Manoj studied at Baselius College, Kottayam, St. Berchmans College, Changanassery and then at School of Letters, Kottayam. From School of Letters, Manoj obtained M.Phil for his research on rhythm structures in Kunchan Nambiar's Harineeswayamvaram Thullal. He was awarded doctorate by the same institution for his research on folk rhythms in modern Malayalam poetry.

He joined N. S. S. College, Pandalam as Malayalam lecturer in 1997. He is currently Associate Professor in the Malayalam department at NSS Hindu College, Changanassery. He is married to N. Sandhyadevi and they have a daughter and a son.

Career
Manoj composed two Kathakali librettos Panchali Dhananjayam and Bhagavad Geetha during his college days. He won the Kunchu Pillai Memorial Award for Young Poets in 1997 for his poem Thrithala Kesavan which was based on the Thayambaka expert Thrithaka Kesava Poduval. His first published poetry collection Uthamapurushan Katha Parayumpol (When the First-Person Narrates) contains 30 poems. Critic E. P. Rajagopalan and post-modern poet A. C. Sreehari in their study point out that Manoj follows a rare technique of storytelling in poetry. For this book, Manoj won the S. B. T. Poetry Award in 2005.
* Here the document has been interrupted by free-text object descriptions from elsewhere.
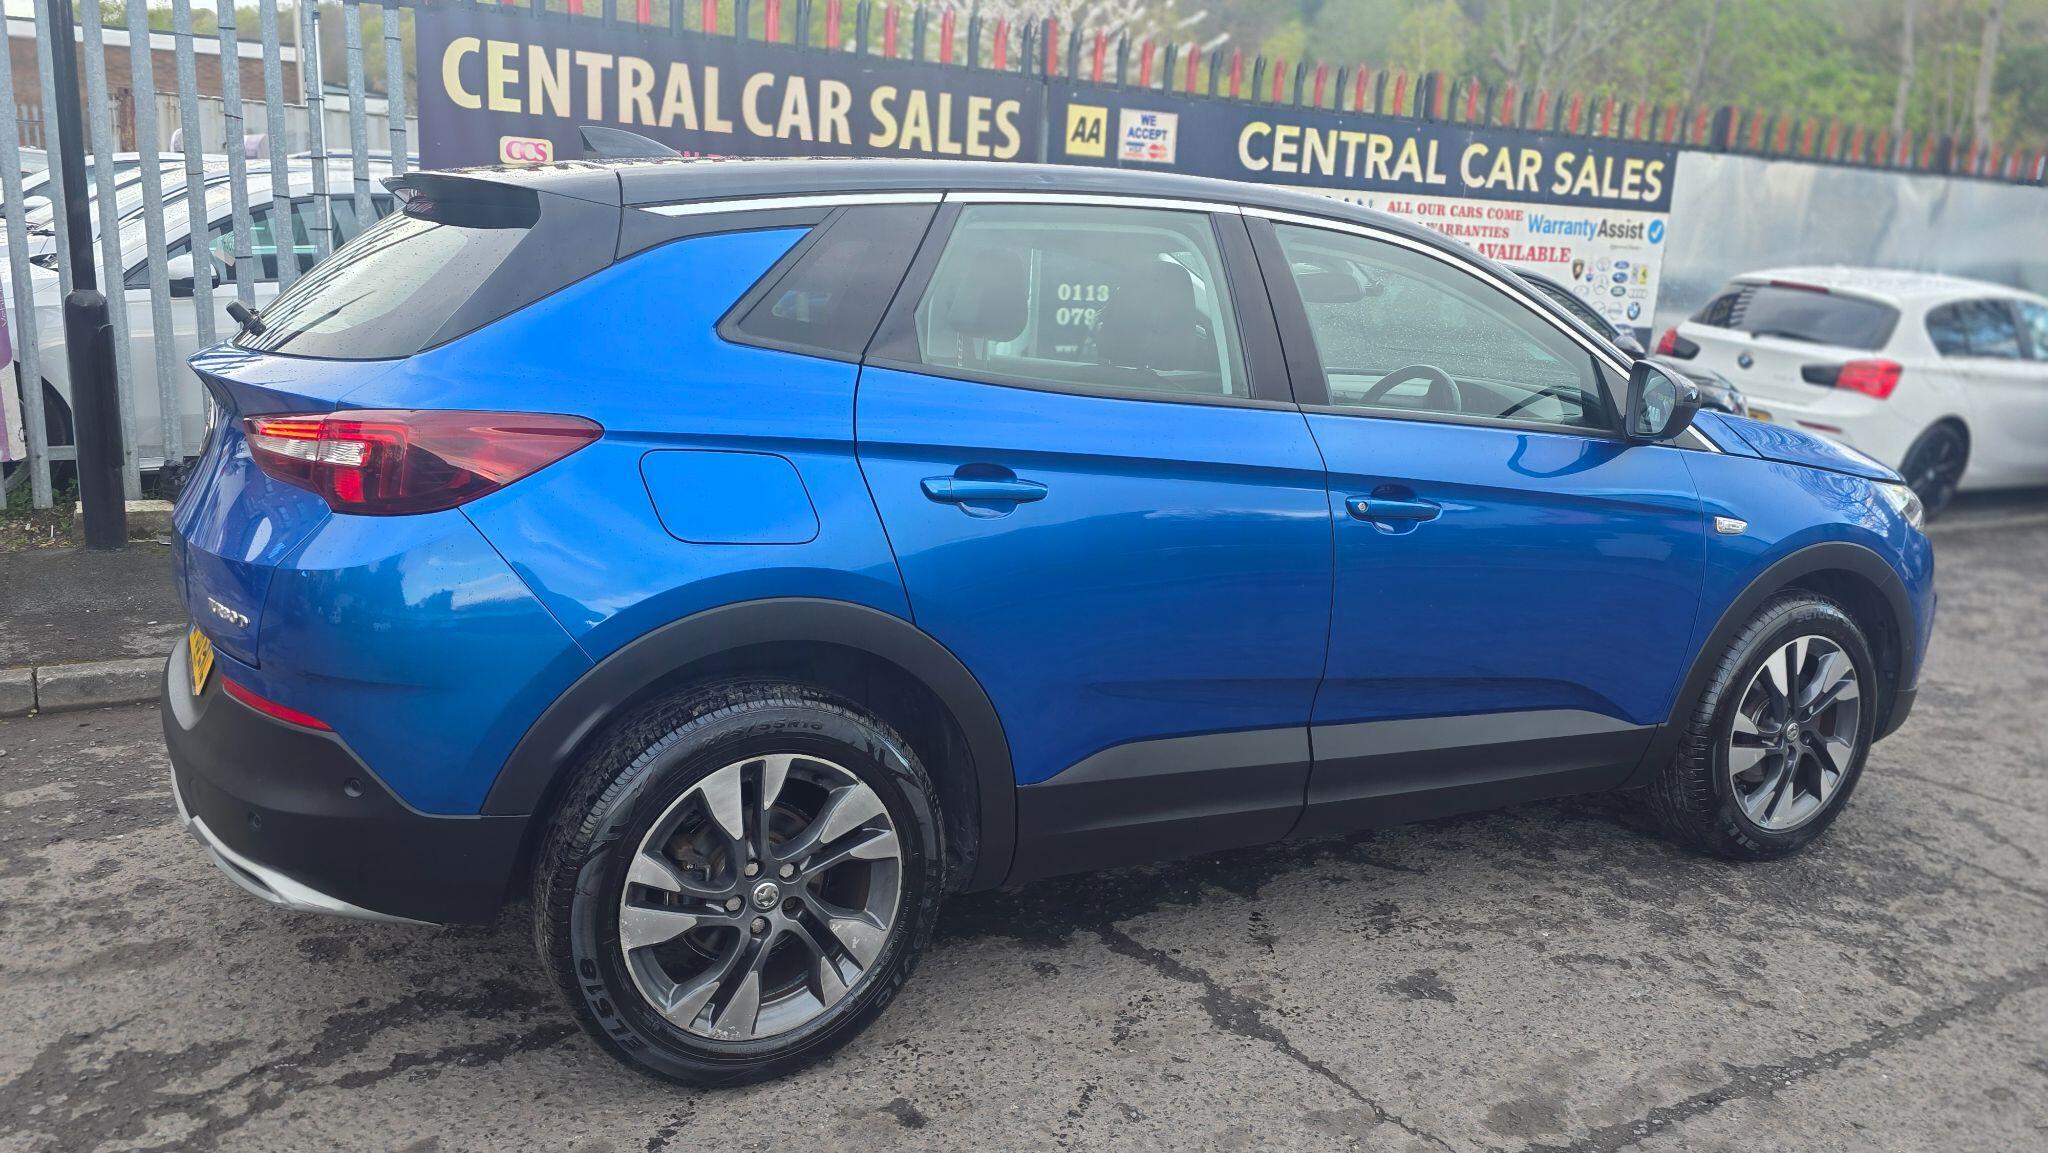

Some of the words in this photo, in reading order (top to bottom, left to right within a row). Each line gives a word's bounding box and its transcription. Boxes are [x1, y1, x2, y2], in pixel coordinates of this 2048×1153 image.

[442, 36, 733, 134] CENTRAL
[741, 72, 853, 145] CAR
[868, 85, 1021, 160] SALES
[1070, 116, 1103, 144] AA
[1141, 114, 1157, 126] WE
[1127, 126, 1168, 141] ACCEPT
[1238, 121, 1447, 186] CENTRAL
[1460, 143, 1543, 193] CAR
[1551, 151, 1665, 202] SALES
[1387, 200, 1413, 214] ALL
[1417, 202, 1446, 217] OUR
[1450, 204, 1483, 219] CARS
[1487, 207, 1524, 221] COME
[1057, 283, 1110, 302] 0113
In October 2005, he published a fiction poem named Coma in Bhashaposhini, which was later published as an independent book in 2006. For this book, he won the Kanakasree Award of Kerala Sahitya Akademi in 2007.

Manoj has published more than 50 articles on various topics such as western classical music, classical art forms, popular music, folklore art forms, cinema, literature, and cyber culture. He also writes poems and literary criticism in contemporary publications. Some of his works have been included in the syllabuses of various universities in Kerala.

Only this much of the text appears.